Home entertainment is a huge market, says The Guardian. In the UK there are more than 32 million people online at home; 16 million of them shop online and 12 million bank online. These are people who spend at least as much time online as they do listening to the radio and twice as much time online as they spend reading. This is not a fact that has escaped the news and entertainment businesses: companies such as The New York Times and Dow Jones are starting to acquire some sizeable online assets, aiming to move into the "sweet spot" of the traditional media online by providing both news and entertainment via broadband internet.
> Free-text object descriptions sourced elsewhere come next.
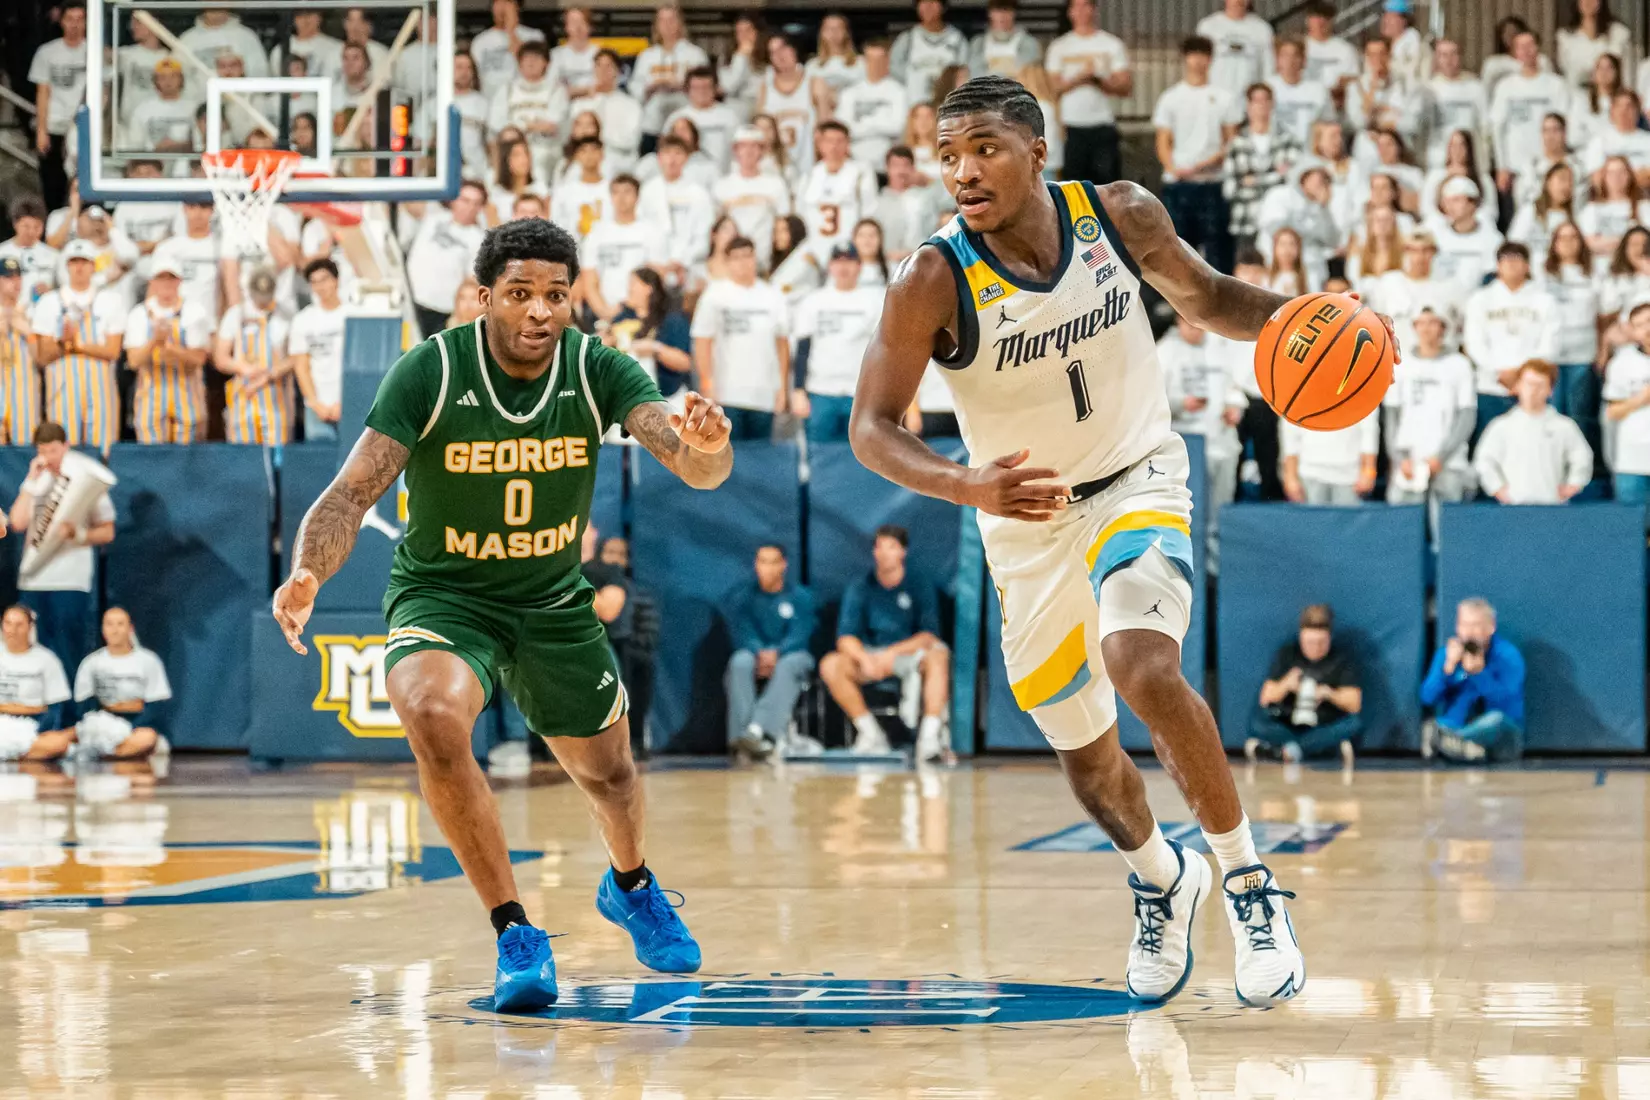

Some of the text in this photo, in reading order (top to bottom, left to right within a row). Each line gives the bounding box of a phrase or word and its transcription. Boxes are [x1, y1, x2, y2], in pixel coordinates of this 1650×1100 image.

[819, 204, 841, 236] 3
[988, 283, 1001, 293] THE
[1096, 262, 1111, 277] BIG
[1096, 265, 1117, 284] EAST
[980, 288, 1004, 304] CHANGE
[993, 286, 1131, 371] Marquette
[1288, 303, 1343, 365] ELITE
[1066, 360, 1093, 422] 1
[445, 436, 588, 473] GEORGE
[504, 479, 533, 526] 0
[445, 515, 577, 560] MASON
Broadband is not yet good enough that it can can truly deliver the quality or selection of programming available to those who have access via their televisions to Sky and Freeview, but those who have it already watch approximately two hours a week less television than they did. It doesn't take much to see broadband competing more aggressively with digital TV and taking a much bigger share of people's time and advertisers' money. The spectacular success of the likes of Sky+ and online DVD rental services points to increasingly sophisticated consumers who want media and entertainment to be made available to them as and when they like. Broadband allows just that.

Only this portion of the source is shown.